What makes a good judge? 

“You have to be terribly interested in the relationship between the natural and the manmade environment,” he replies enthusiastically. As a child growing up in Monaghan, Fitz-Simon loved maps and whenever he came to a new town, he would always look to see what the church looked like and what sort of houses were there.

Would he recommend it as a job?

“Yes. Provided you have an enthusiasm and provided you take note of what is said in the training days before each summer. You must have a visual sense. To have a love for the townscape is the thing. And wanting it to be good,” he says firmly.

Rumbled

Was he ever rumbled? 

“I was discovered once when I stopped my car outside a local parish hall or something at a park and got out my notes,” he says, smiling at the memory. 

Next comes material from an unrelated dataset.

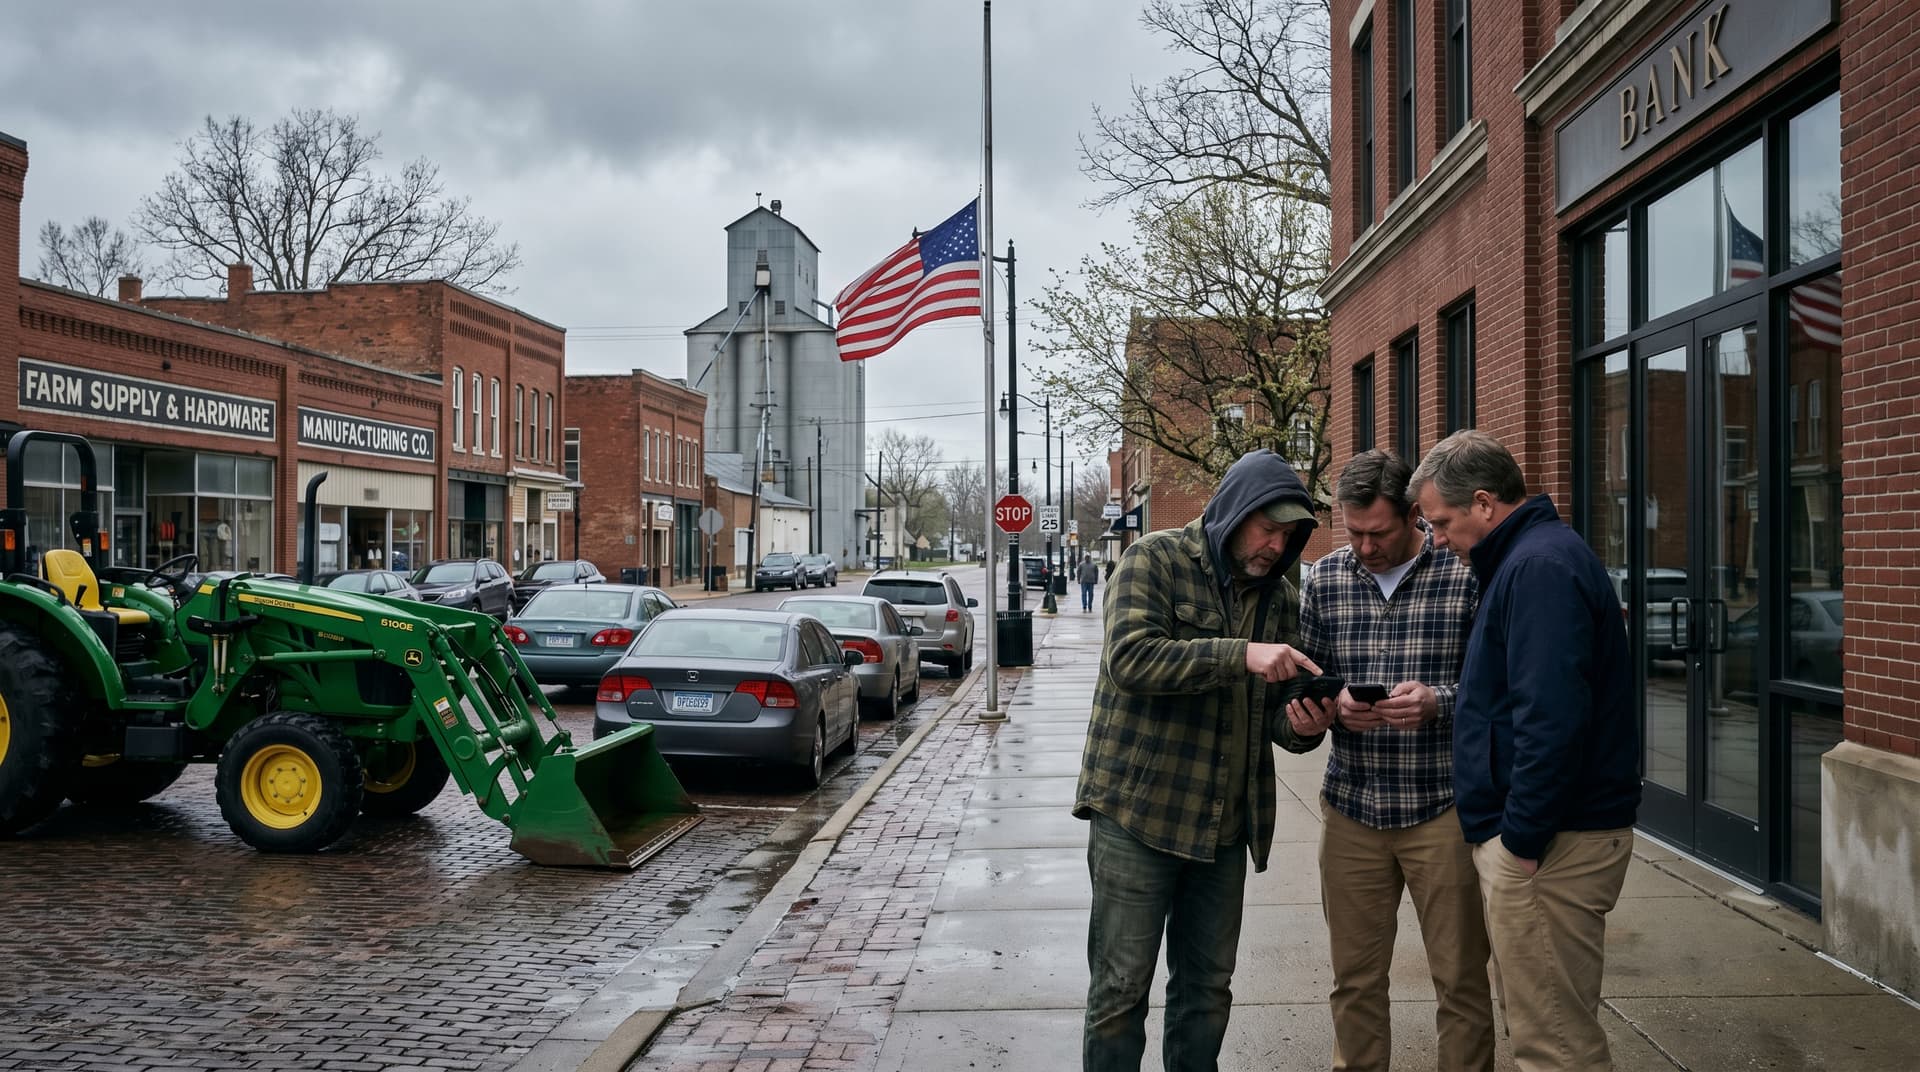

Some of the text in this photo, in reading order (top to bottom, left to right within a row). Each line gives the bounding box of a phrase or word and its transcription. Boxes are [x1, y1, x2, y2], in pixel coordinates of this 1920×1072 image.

“Out of a bush stepped a man. And he said, ‘Are you the Tidy Towns adjudicator?’ And I said, ‘I'm so taken aback, I have to tell you that I am'.” 

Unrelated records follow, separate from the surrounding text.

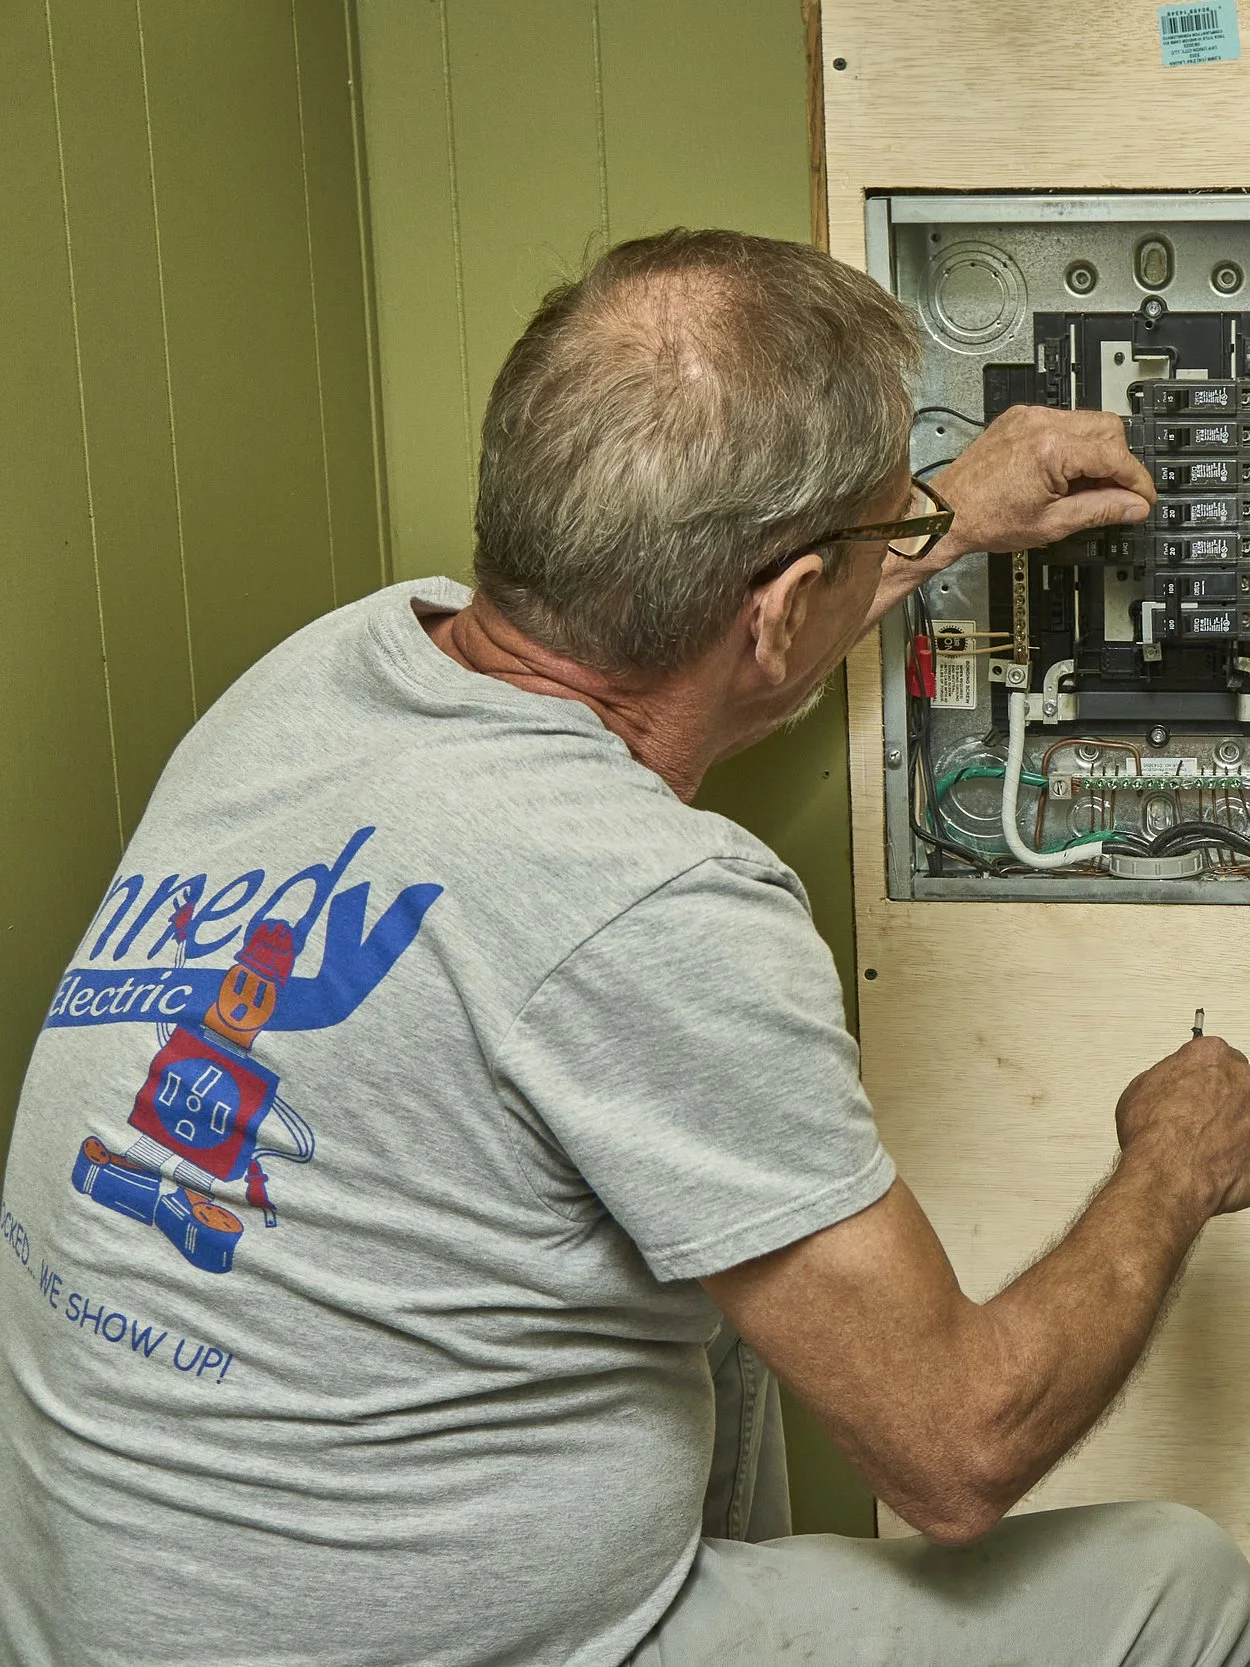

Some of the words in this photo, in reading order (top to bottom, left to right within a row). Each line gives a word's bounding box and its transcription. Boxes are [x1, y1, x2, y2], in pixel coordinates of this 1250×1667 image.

[49, 970, 193, 1016] Electric
[40, 1259, 63, 1309] WE
[65, 1293, 168, 1358] SHOW
[173, 1338, 233, 1385] UP!
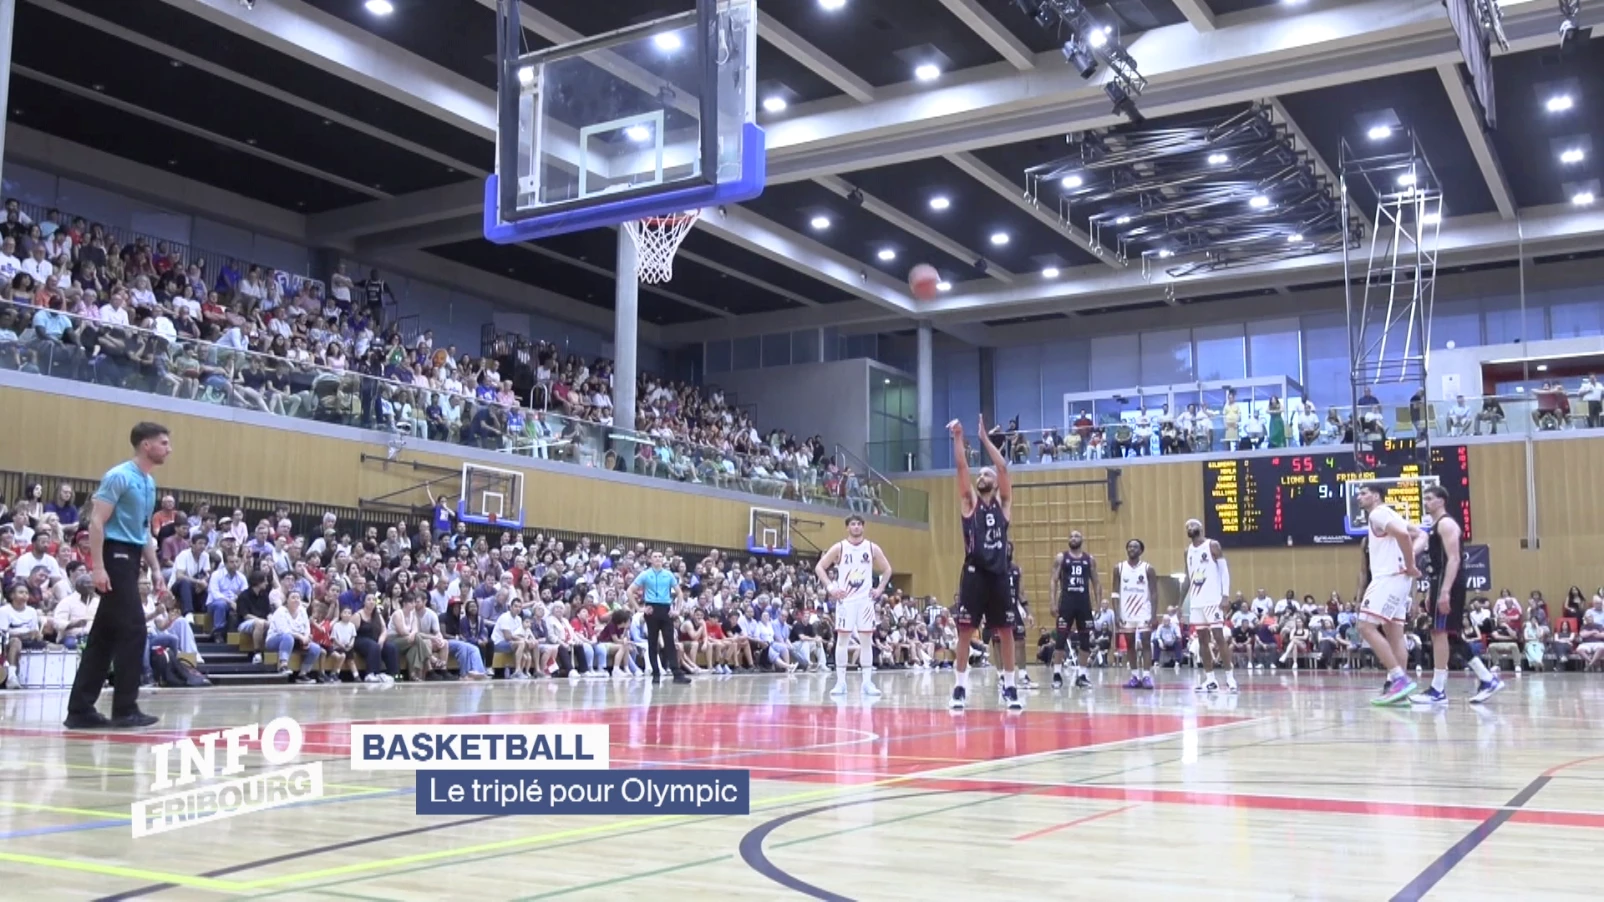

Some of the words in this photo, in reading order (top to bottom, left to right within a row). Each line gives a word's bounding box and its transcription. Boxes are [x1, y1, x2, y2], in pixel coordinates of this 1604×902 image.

[1292, 457, 1313, 471] 55
[1326, 457, 1334, 468] 4
[1281, 476, 1304, 484] LIONS
[844, 554, 852, 564] 21
[1071, 565, 1082, 575] 18

And then he politely told him to go away.

Judging for Tidy Towns was natural progression for Fitz-Simon, who enjoyed an illustrious media career beforehand — that eye for the aesthetics led him first to the stage and then on to television where he found himself directing the first ever broadcast of RTÉ on December 31, 1961. 

“I think I must be the only person still living who worked on the opening night of television,” he says.

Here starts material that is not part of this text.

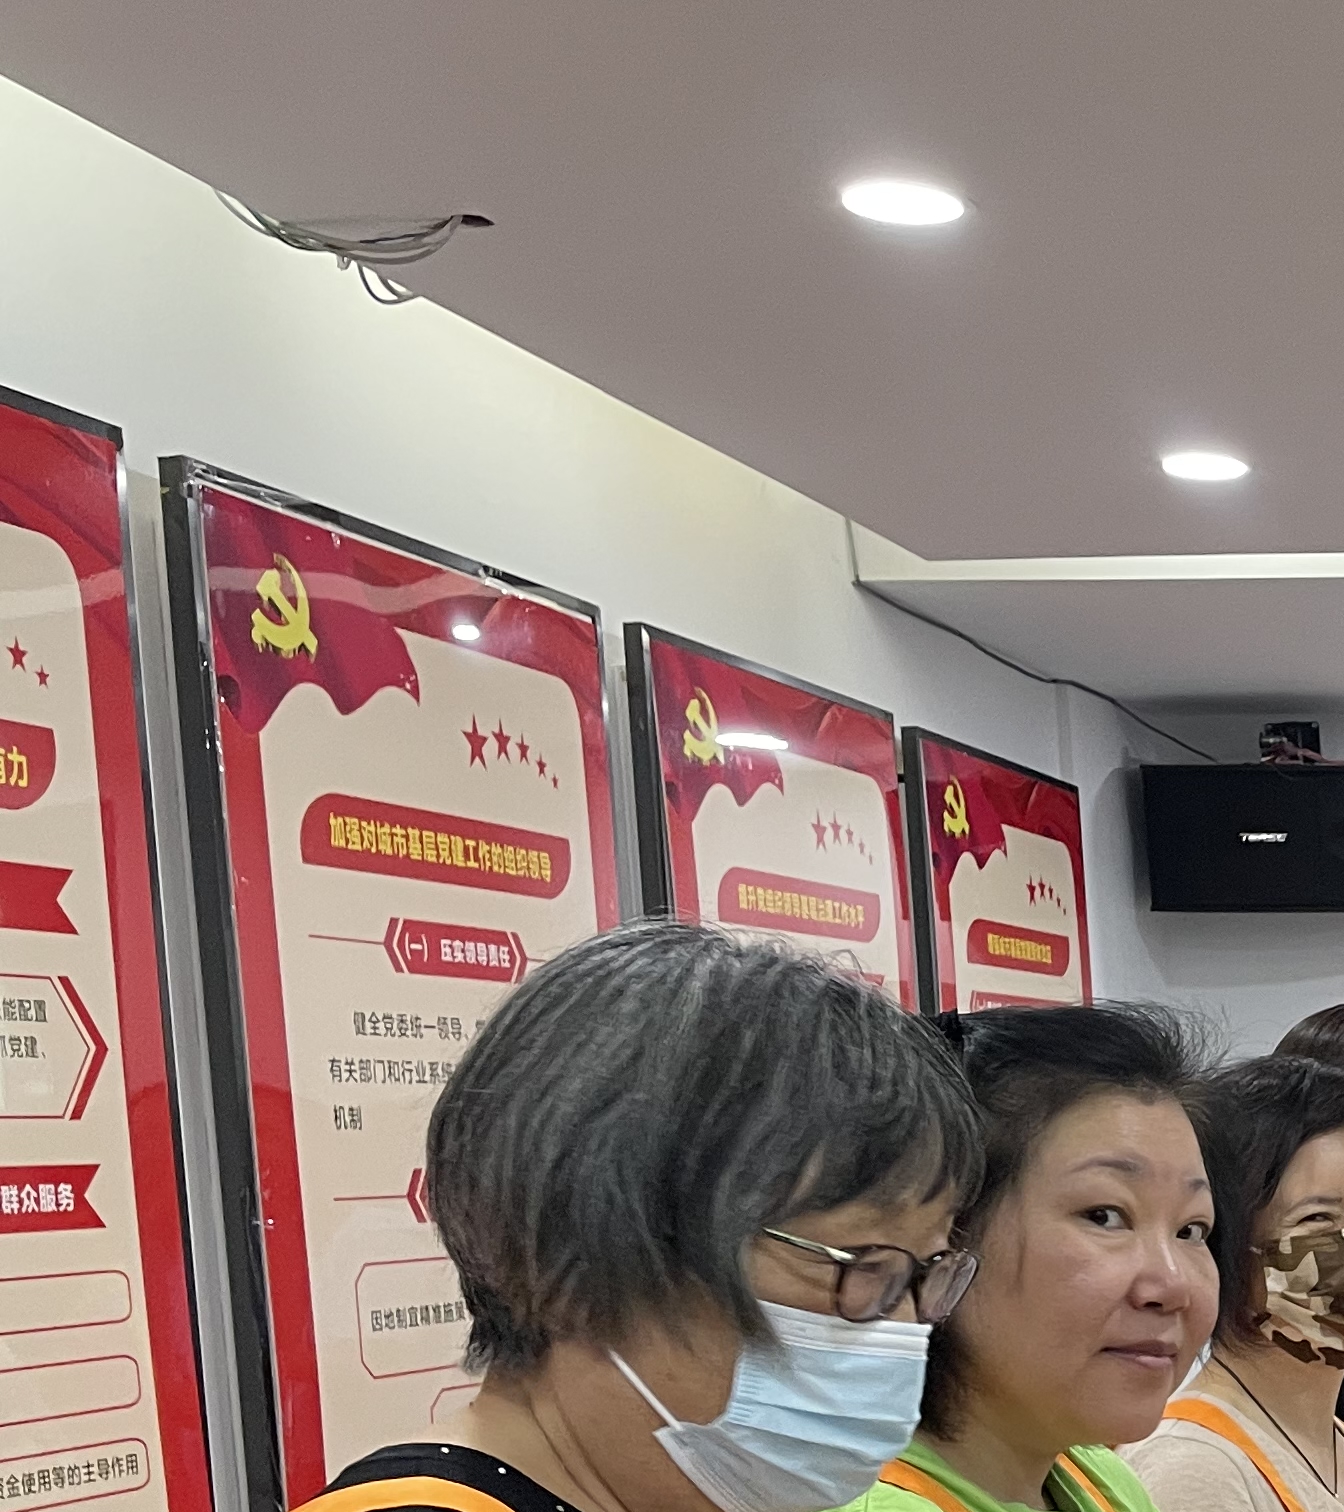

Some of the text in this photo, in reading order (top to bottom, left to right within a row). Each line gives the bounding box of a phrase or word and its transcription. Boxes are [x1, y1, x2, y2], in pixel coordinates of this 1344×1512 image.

[329, 812, 551, 882] 加强对城市基层党建工作的组织领导
[440, 939, 511, 968] 压实领导责任
[0, 998, 48, 1023] 能配置
[333, 1104, 363, 1131] 机制

That night, he directed the late great stage actor and original Irish anchorman Charles Mitchell on the first broadcast of RTÉ news. Both men had acted together on stage at the Gate Theatre in the 50s, with the young student Fitz-Simon merely “walking on in plays and saying four lines”, while Mitchell was the leading actor.

Imagine his horror then, when RTÉ invited the then trainee TV director Fitz-Simon to interview a candidate for the primetime newsreader for television (they seemed to think only one was needed).

“I was told a man called Mitchell is coming. And in walked Charles. And I thought, goodness, what can he think of this young person [who was walking on stage] asking him questions about his career? Very embarrassing. Anyway, when he'd gone, I said, Charles Mitchell will do the job and will speak well,” he says.

Fitz-Simon went on to direct The Riordans TV serial, a precursor to Glenroe, several adaptations of stage plays and a six-part documentary series in the 70s called We Live Here, which allowed him to indulge his interest in the relationship between the natural and the man-made environment. It was filmed in the open air, visiting places around the country — a training of sorts for his later career with the Tidy Towns.

He also wrote more than 90 drama scripts for the BBC, including the hugely popular satirical Ballylenon radio comedy based in a fictional town in Donegal in the 1950s. 

“It was very good because I could call the fictional hotel The Muckish Arms, you know, that kind of thing,” he says. And he’s still creating — he has two works currently waiting for publishers.

It's time to go and the Irish Examiner leaves Fitz-Simon sitting serenely in the gallery. One last glance back and he is suddenly gone. Vanished into the crowds. The only surprise is that he was ever rumbled at all.